The driver, clipping along above the speed limit began to rifle through a briefcase on the seat beside him. I immediately felt concern and when he put the briefcase on the dashboard so he could get a better look inside it, leaving his view of the road mostly obscured. My eyes went wide and I glanced at my seat partner who shared my dismay. Before we could complain, in the fog ahead of us brake lights suddenly appeared and our driver hit the brakes. Without a word shared, or any thought, the woman sitting next to me reached out to grab my hand, which was already on its way to grab hers.

Holding hands with someone was not going to change whether or not we slammed into cars ahead of it, but when our hearts started racing and adrenalin coursed through our bodies, we reflexively sought out connection with someone. Babies and young animals can be observed doing the same thing when frightened by something. Who would turn their back on a toddler reaching up for reassurance and justifying it by explaining that they ‘need to learn to deal with’ creepy clowns, slobbery dogs, or other toddlers wielding plastic baseball bats? Why allow puppies or dogs to be similarly scared and overwhelmed and left to face their horror all on their own?

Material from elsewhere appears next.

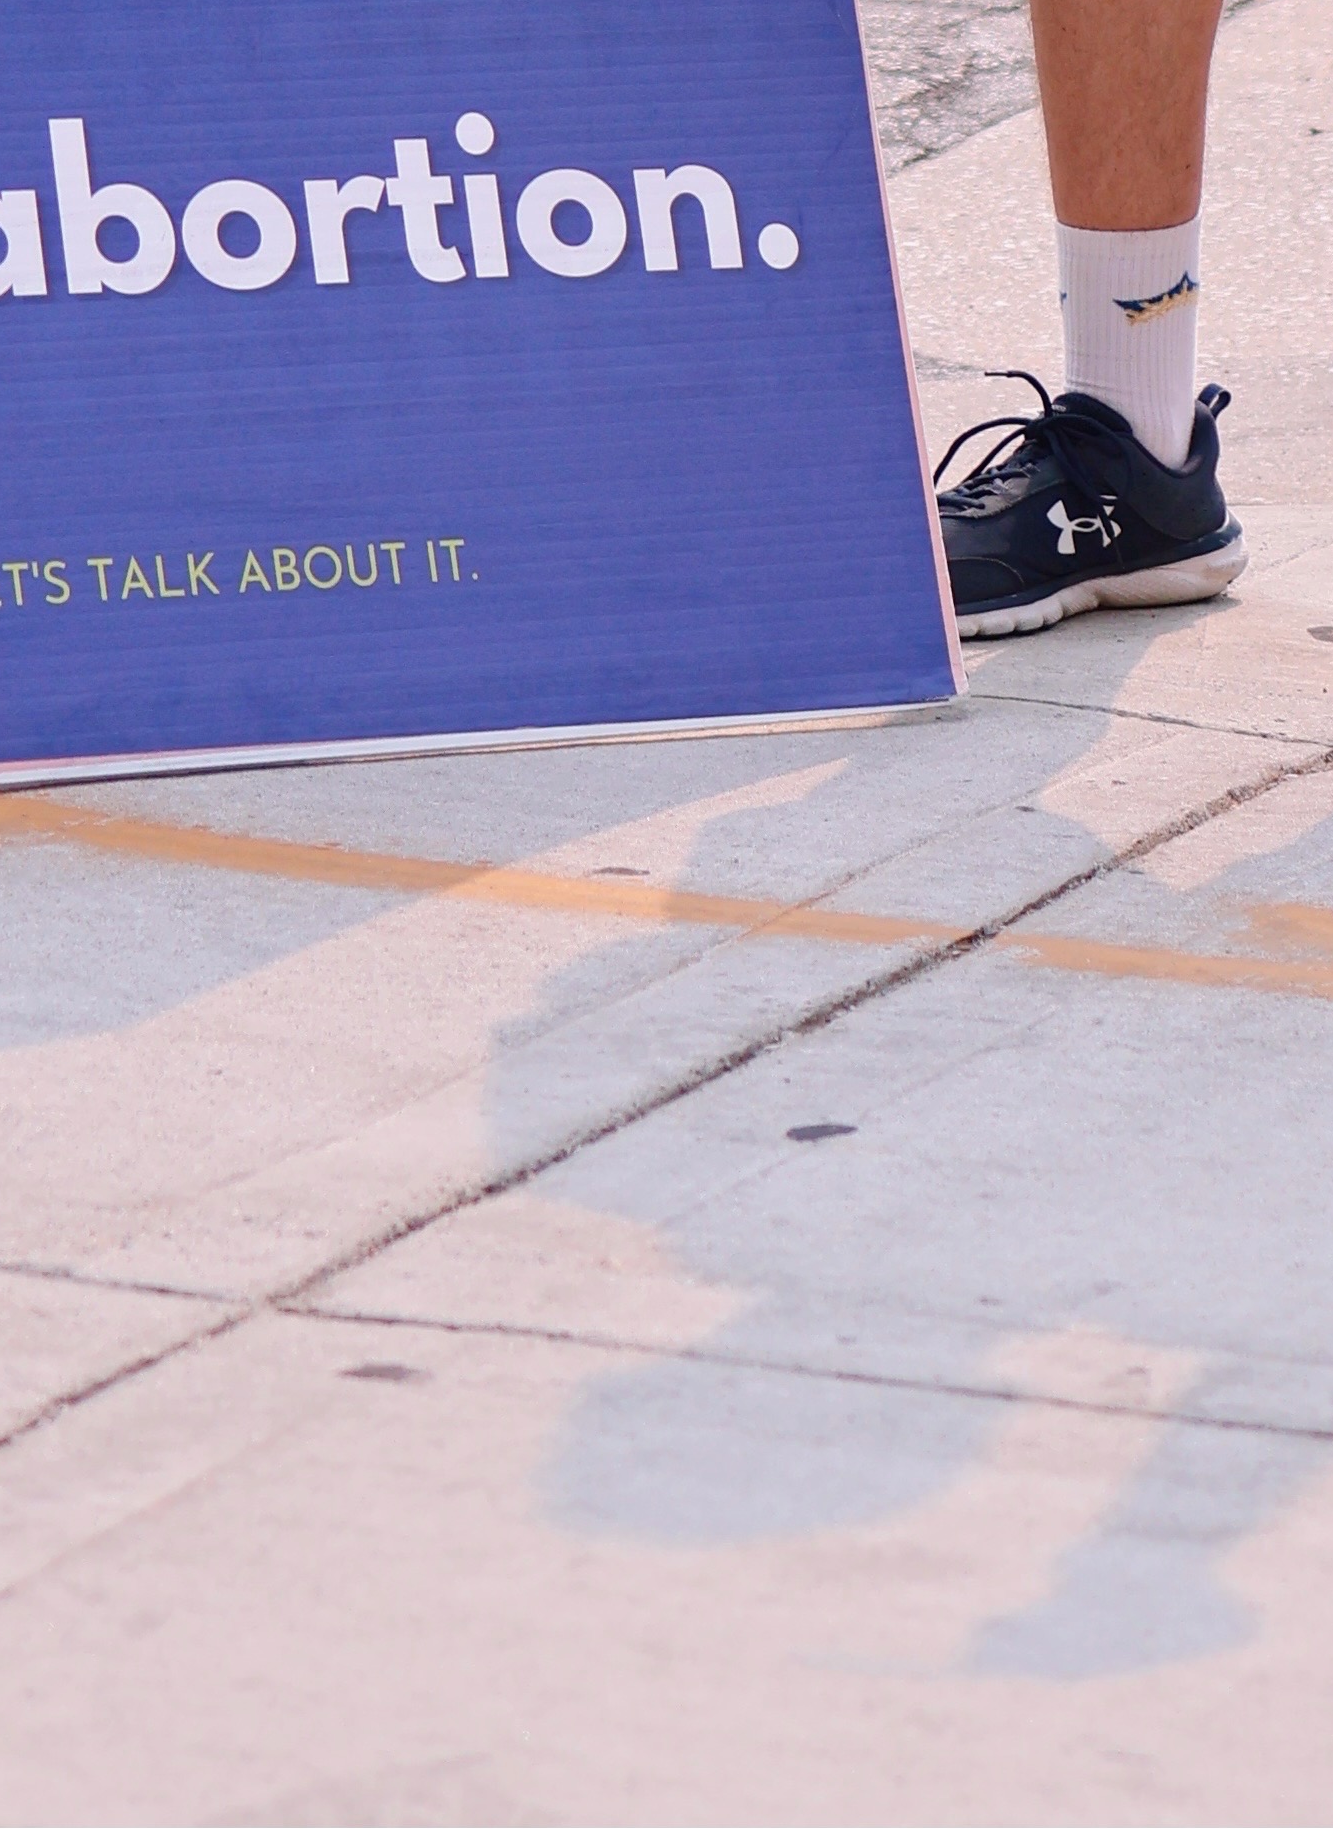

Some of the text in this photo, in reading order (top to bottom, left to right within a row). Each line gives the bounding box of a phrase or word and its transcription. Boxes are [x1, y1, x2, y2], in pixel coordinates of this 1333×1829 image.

We want our scared dogs to look to us for reassurance and guidance. Leave a fearful dog on their own to deal with something scary and they will come up with their own solution, which for many can come to include behaving in an aggressive way. I am not in control of my dog’s nervous system, and when he is frightened, neither is he! What I am in control of is his environment and what he experiences (to some degree) and by manipulating the things I can, can have an affect on how easy or difficult it will be for him to learn new skills, so he can make good choices on his own.

Some dogs may not want to be handled when they are afraid, others may find reassurance in having a trusted compatriot with them. I always try to remember that frightened dogs can’t control their response to a trigger, but I can control my response to my dog and in doing so just may help speed up how quickly he recovers from a fright.